Supervision Tree

A supervision tree is a hierarchical structure of processes designed to build fault-tolerant systems through organized error handling and automatic recovery. This pattern, pioneered by OTP, enables systems to achieve exceptional reliability by embracing failure as a normal part of operation rather than trying to prevent it entirely.

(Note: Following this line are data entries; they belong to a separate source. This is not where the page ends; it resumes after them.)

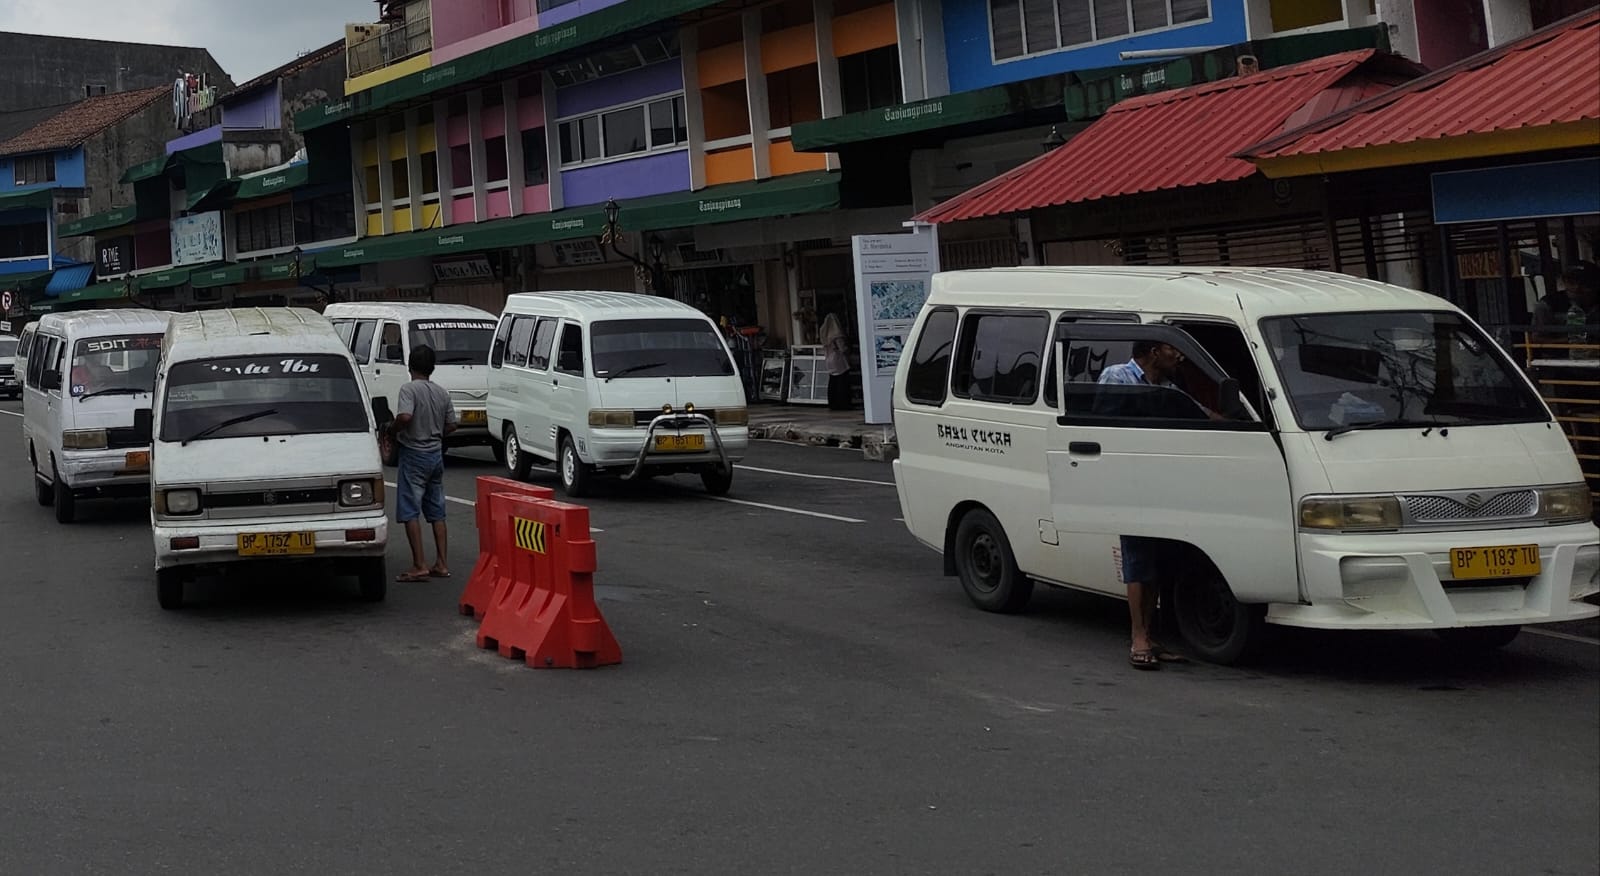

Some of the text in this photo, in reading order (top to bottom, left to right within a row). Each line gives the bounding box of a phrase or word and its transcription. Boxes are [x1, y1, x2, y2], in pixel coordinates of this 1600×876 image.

[884, 101, 943, 121] Tanjungpinang
[87, 339, 130, 352] SDIT
[73, 385, 85, 394] 03
[937, 424, 1011, 447] BAYU PUTRA
[945, 442, 1005, 455] ANGKUTAN KOTA
[242, 532, 313, 549] BP 1752 TU
[1456, 547, 1537, 568] BP 1183 TU

Core Philosophy: Let It Crash

The supervision tree embodies the “let it crash” philosophy:

Processes should fail fast when encountering errors
Failed processes are restarted by supervisors
System integrity is maintained through isolation
Complex error handling is moved to supervision layer

This approach simplifies code by separating business logic from error recovery logic.

Architecture

Process Hierarchy

        [Application Supervisor]
               /        \
    [DB Supervisor]  [Web Supervisor]
         /    \           /    \
   [Writer] [Reader] [Handler] [Cache]

Each level in the tree represents a supervision boundary with specific responsibilities and restart strategies.

Process Types

Supervisors

Monitor child processes
Restart failed children according to strategy
Don’t perform business logic
Can supervise other supervisors (creating depth)

Workers

Perform actual work (business logic)
Report to exactly one supervisor
Can fail and be restarted
Should be designed for clean startup/shutdown

Special Processes

Application: Root of supervision tree
Dynamic Supervisors: Create children on demand
Task Supervisors: Manage short-lived tasks

Restart Strategies

One-for-One

When a child process fails, only that specific process is restarted.

Before: [A] [B] [C] [D]
B fails: [A] [X] [C] [D]
After:  [A] [B'] [C] [D]

Use when processes are independent.

One-for-All

When any child fails, all children are terminated and restarted.

Before: [A] [B] [C] [D]
B fails: [A] [X] [C] [D]
After:  [A'] [B'] [C'] [D']

Use when processes are strongly dependent.

Rest-for-One

When a child fails, that child and all children started after it are restarted.

Before: [A] [B] [C] [D]
B fails: [A] [X] [C] [D]
After:  [A] [B'] [C'] [D']

Use when there’s a startup dependency chain.

Simple-One-for-One

Special strategy for dynamically created children of the same type.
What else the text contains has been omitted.